• Exercise description:
Although the entries contain pictures, only their words should be duplicated exactly.

==========

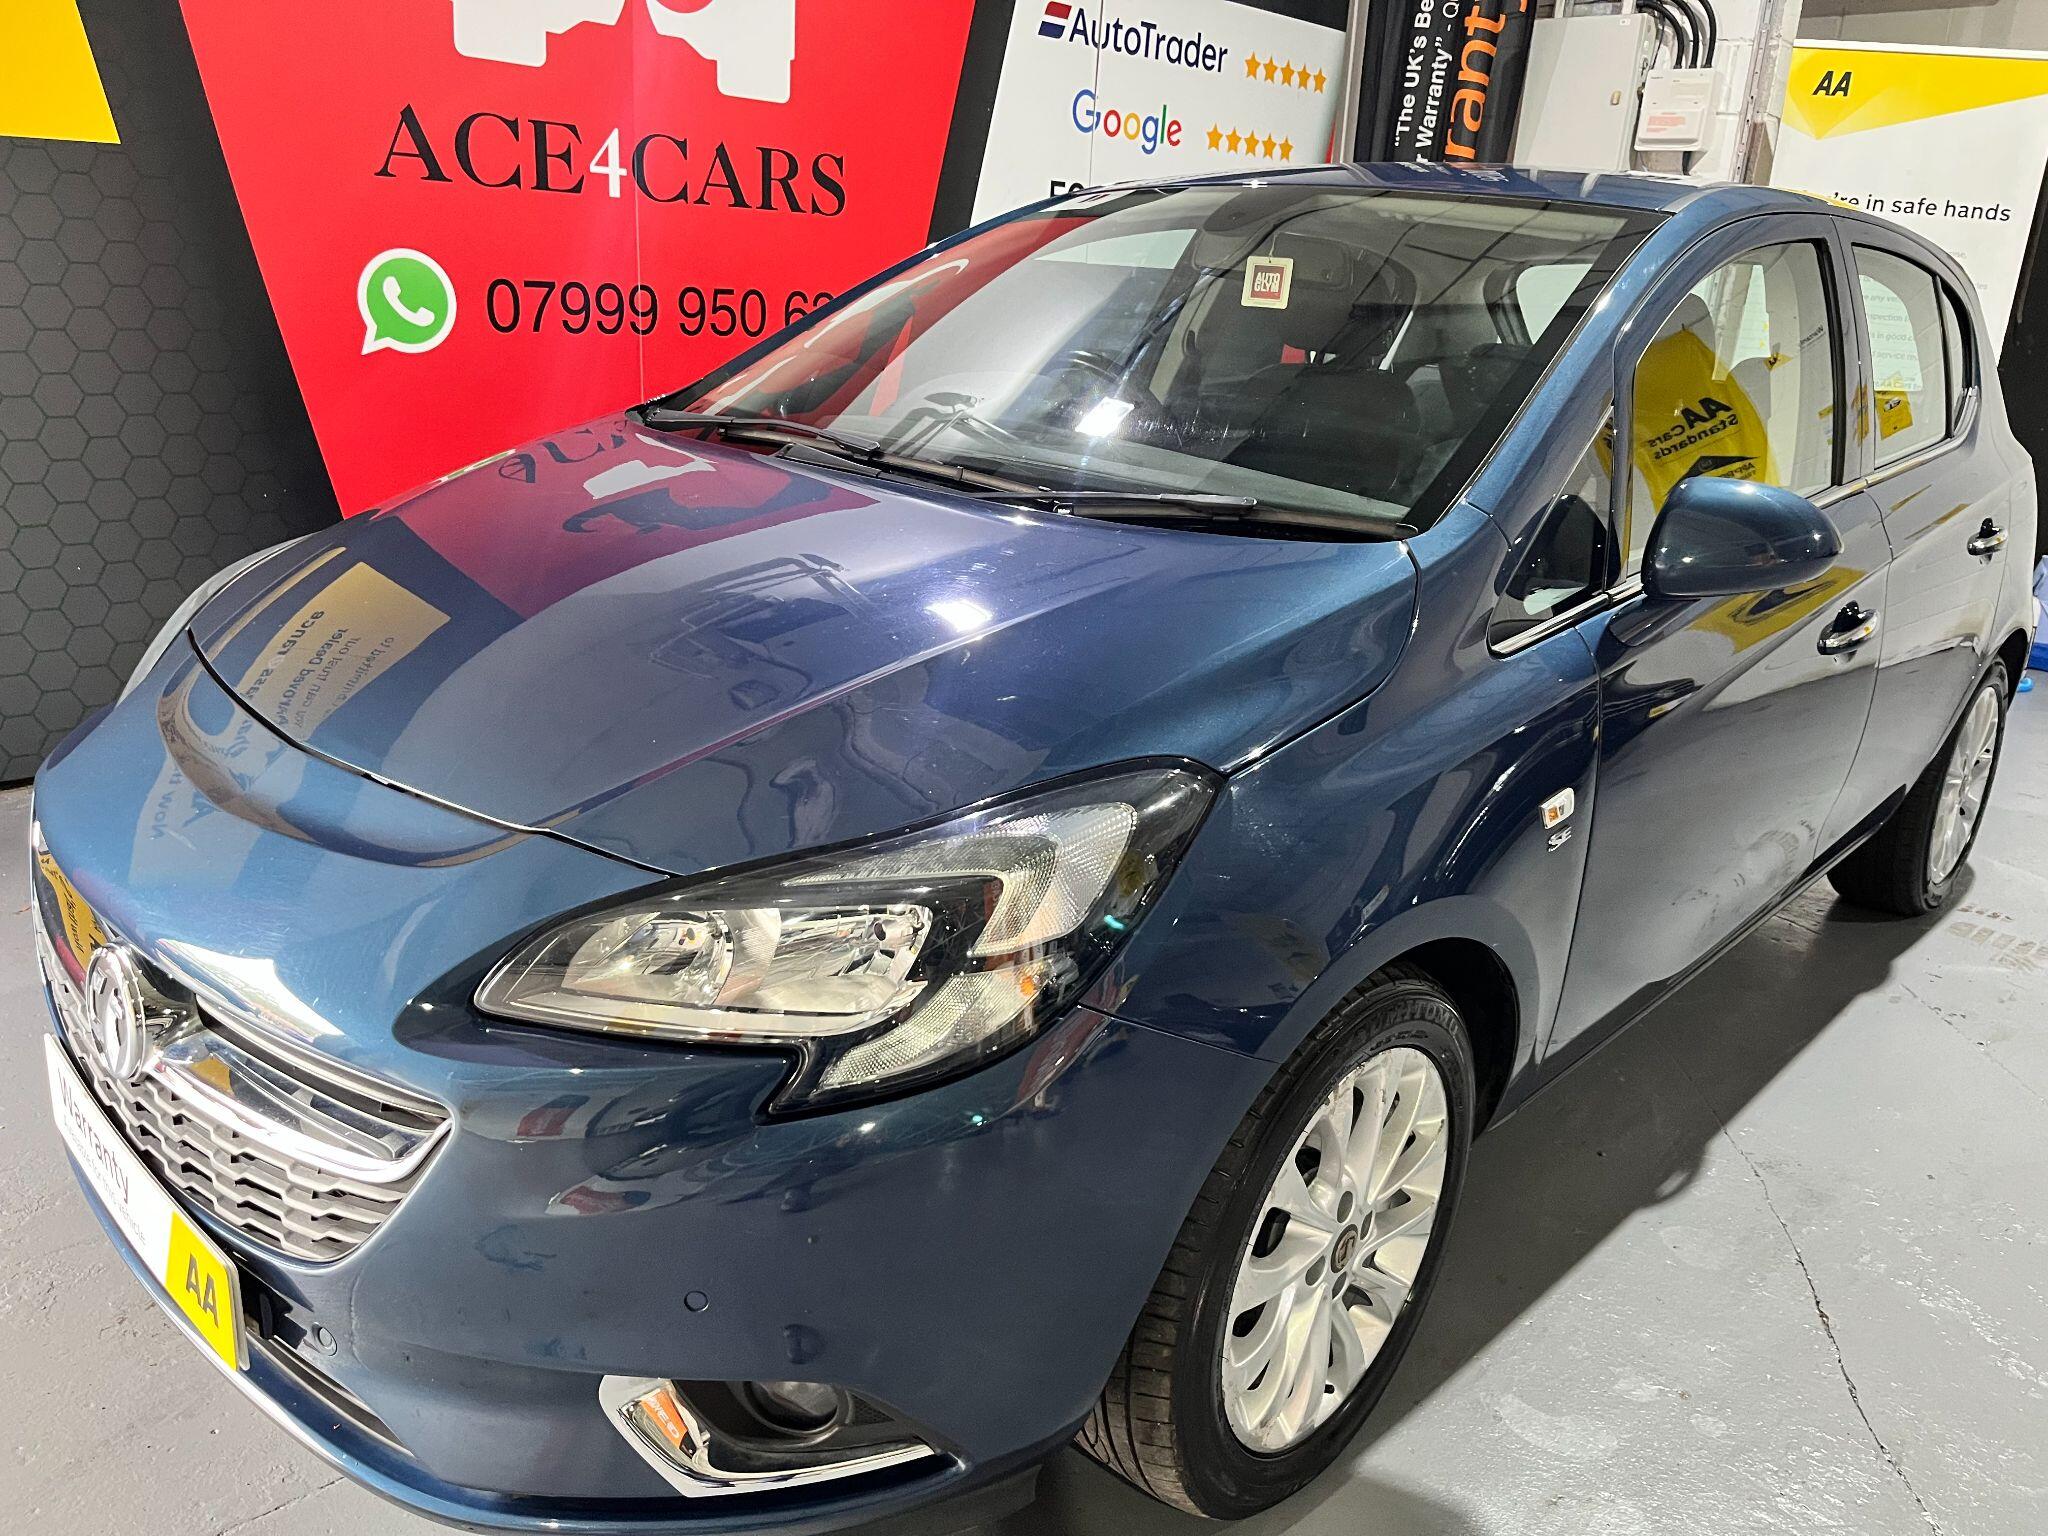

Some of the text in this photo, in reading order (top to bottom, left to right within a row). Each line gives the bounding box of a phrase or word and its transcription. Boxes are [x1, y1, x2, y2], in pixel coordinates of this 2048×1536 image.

[1069, 8, 1228, 73] AutoTrader
[1404, 35, 1428, 88] UK's
[1444, 0, 1528, 161] rant
[1812, 70, 1853, 97] AA
[1072, 88, 1182, 155] Google
[374, 103, 847, 216] ACE4CARS
[1865, 194, 1885, 213] in
[1891, 198, 1937, 216] safe
[1943, 200, 2012, 222] hands
[486, 278, 659, 335] 07999
[678, 287, 767, 337] 950
[57, 1066, 129, 1205] Warranty
[185, 1253, 219, 1330] AA
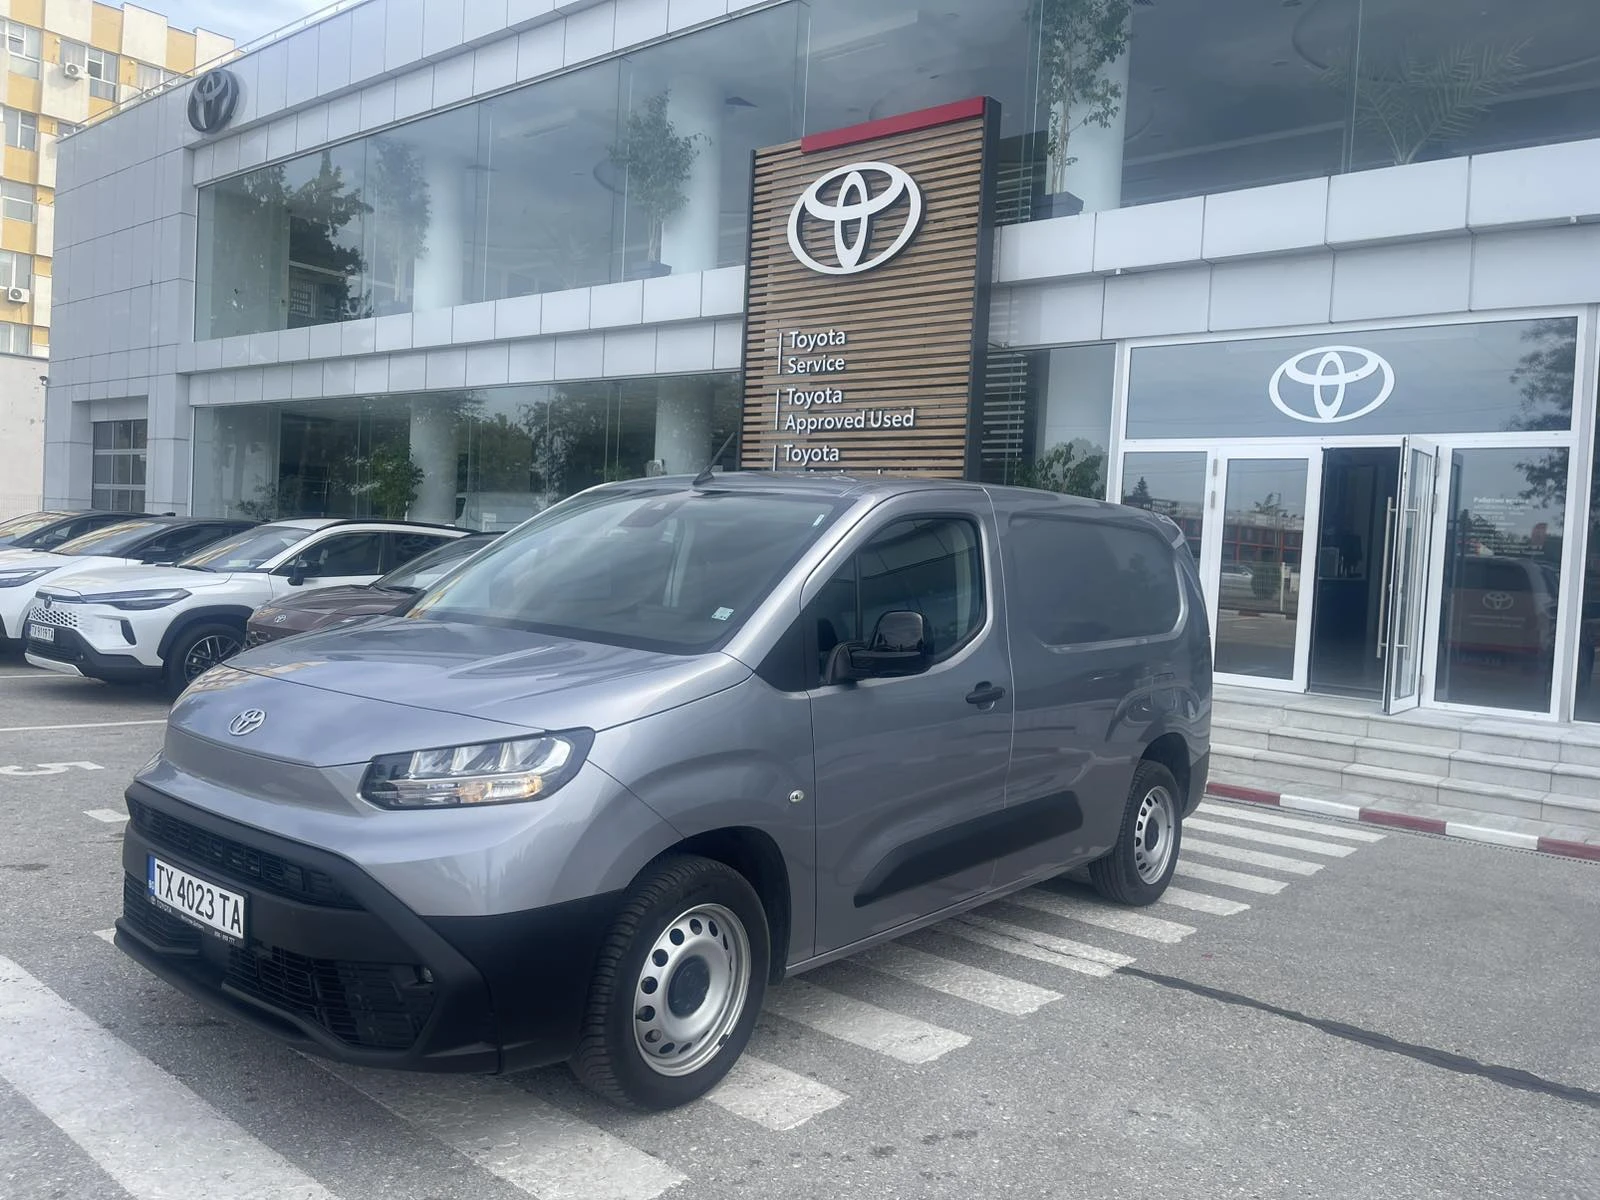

==========

• The completed task:
Some of the text in this photo, in reading order (top to bottom, left to right within a row). Each line gives the bounding box of a phrase or word and its transcription. Boxes are [x1, y1, x2, y2], in pixel coordinates of this 2048×1536 image.

[1069, 8, 1228, 73] AutoTrader
[1404, 35, 1428, 88] UK's
[1444, 0, 1528, 161] rant
[1812, 70, 1853, 97] AA
[1072, 88, 1182, 155] Google
[374, 103, 847, 216] ACE4CARS
[1865, 194, 1885, 213] in
[1891, 198, 1937, 216] safe
[1943, 200, 2012, 222] hands
[486, 278, 659, 335] 07999
[678, 287, 767, 337] 950
[57, 1066, 129, 1205] Warranty
[185, 1253, 219, 1330] AA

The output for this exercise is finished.